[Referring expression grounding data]
== Segment start ==

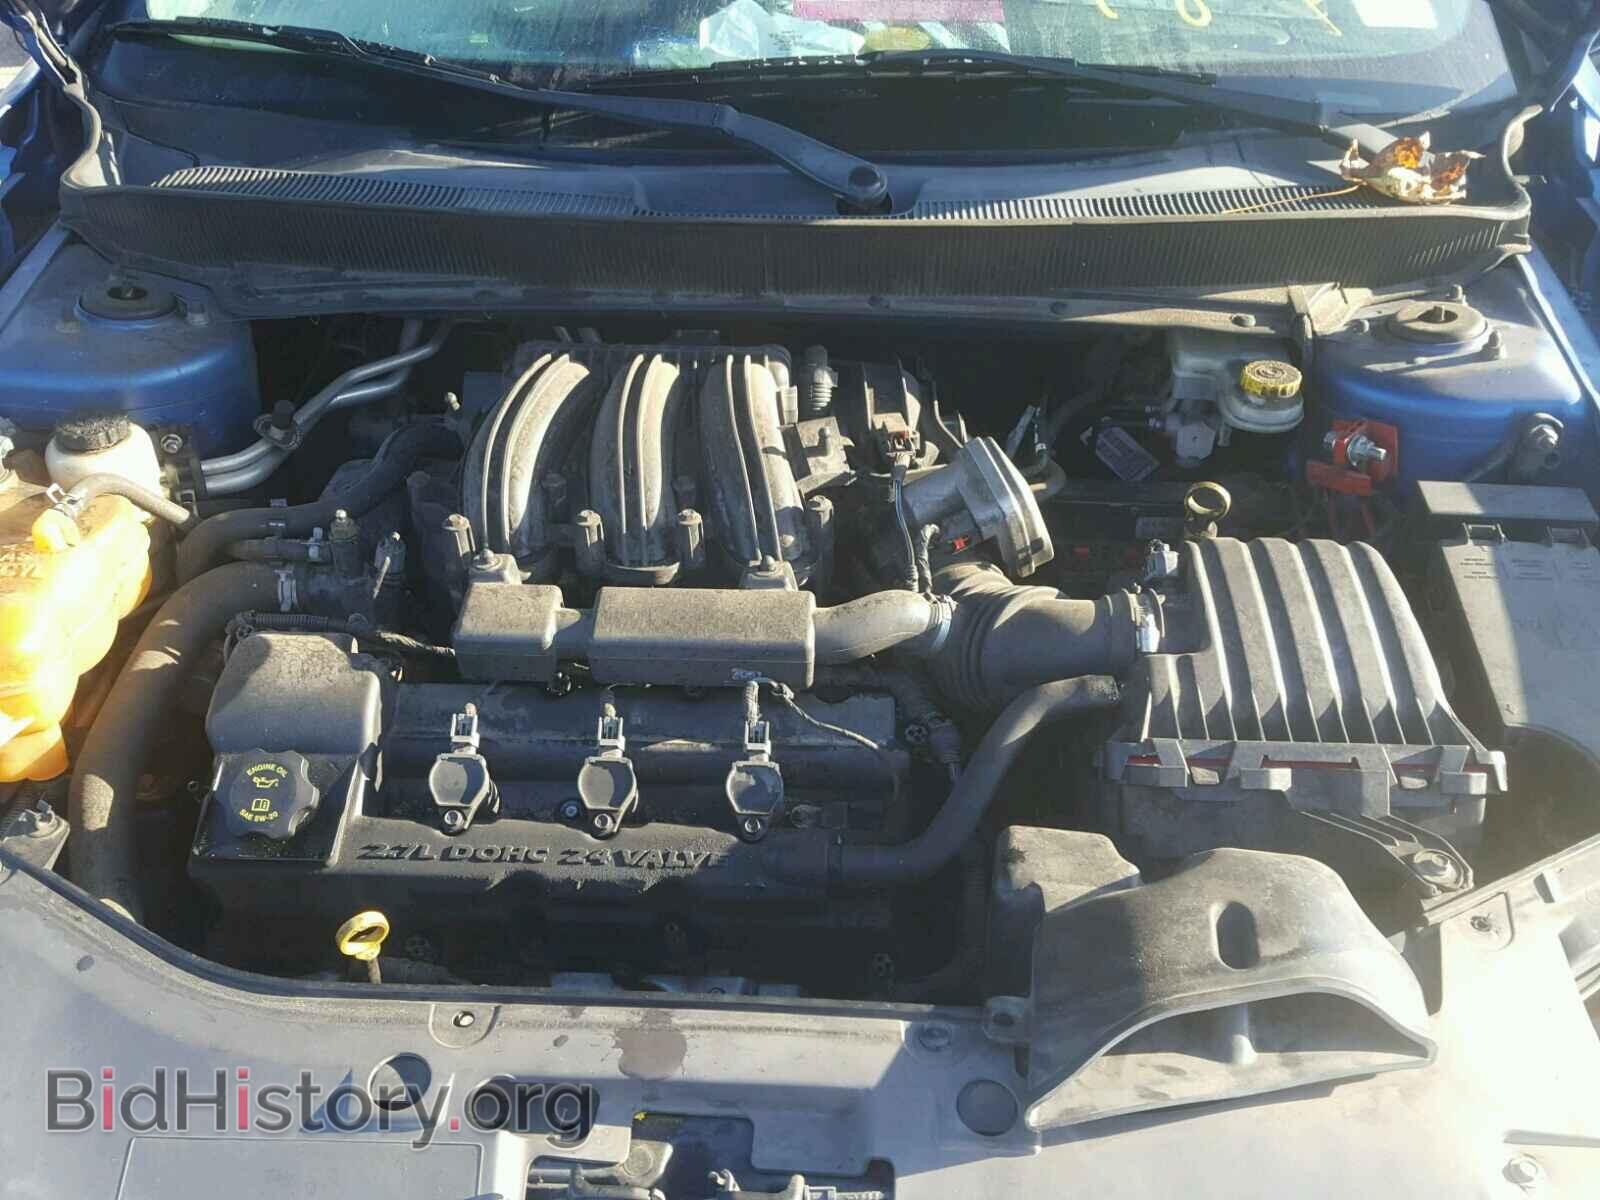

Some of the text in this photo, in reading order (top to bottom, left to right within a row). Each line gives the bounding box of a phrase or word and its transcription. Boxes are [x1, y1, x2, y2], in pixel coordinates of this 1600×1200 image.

[245, 763, 277, 777] ENGINE
[442, 844, 551, 864] DOHC
[557, 848, 613, 866] 24
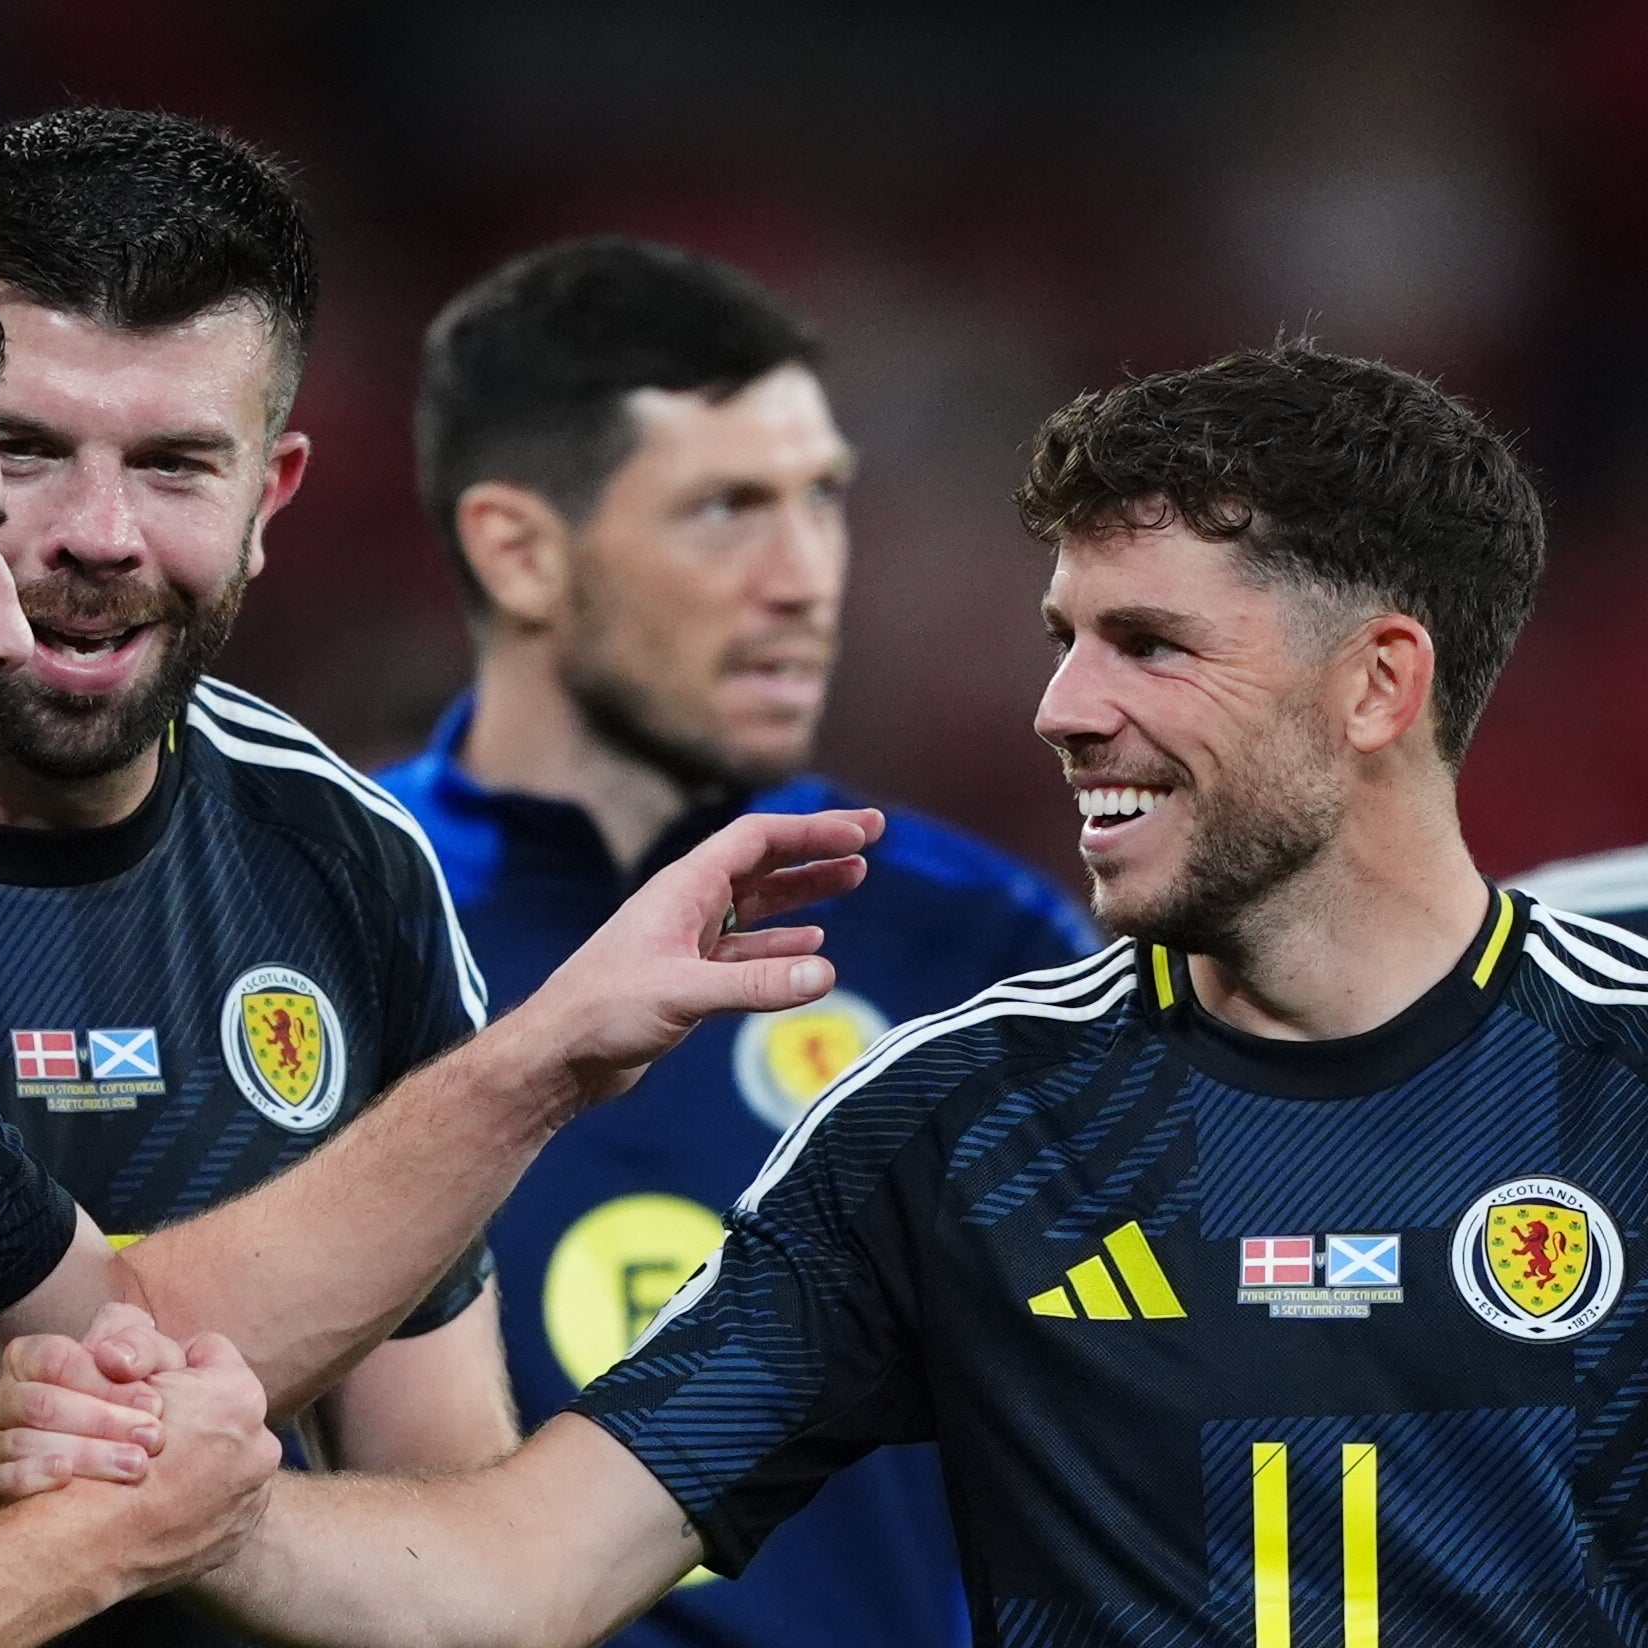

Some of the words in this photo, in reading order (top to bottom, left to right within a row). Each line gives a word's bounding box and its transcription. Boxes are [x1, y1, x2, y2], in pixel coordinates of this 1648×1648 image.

[245, 973, 307, 991] SCOTLAND
[251, 1093, 270, 1111] EST
[1498, 1184, 1577, 1206] SCOTLAND
[1478, 1302, 1501, 1321] EST
[1572, 1308, 1598, 1330] 1873

== Segment end ==

» TRY IT
Please print every record exactly as written, without the pictures.

» RESPONSE AREA
Some of the text in this photo, in reading order (top to bottom, left to right within a row). Each line gives the bounding box of a phrase or word and its transcription. Boxes are [x1, y1, x2, y2], in pixel coordinates of this 1600×1200 image.

[245, 763, 277, 777] ENGINE
[442, 844, 551, 864] DOHC
[557, 848, 613, 866] 24

Some of the words in this photo, in reading order (top to bottom, left to right within a row). Each line gives a word's bounding box and its transcription. Boxes are [x1, y1, x2, y2], in pixel coordinates of this 1648×1648 image.

[245, 973, 307, 991] SCOTLAND
[251, 1093, 270, 1111] EST
[1498, 1184, 1577, 1206] SCOTLAND
[1478, 1302, 1501, 1321] EST
[1572, 1308, 1598, 1330] 1873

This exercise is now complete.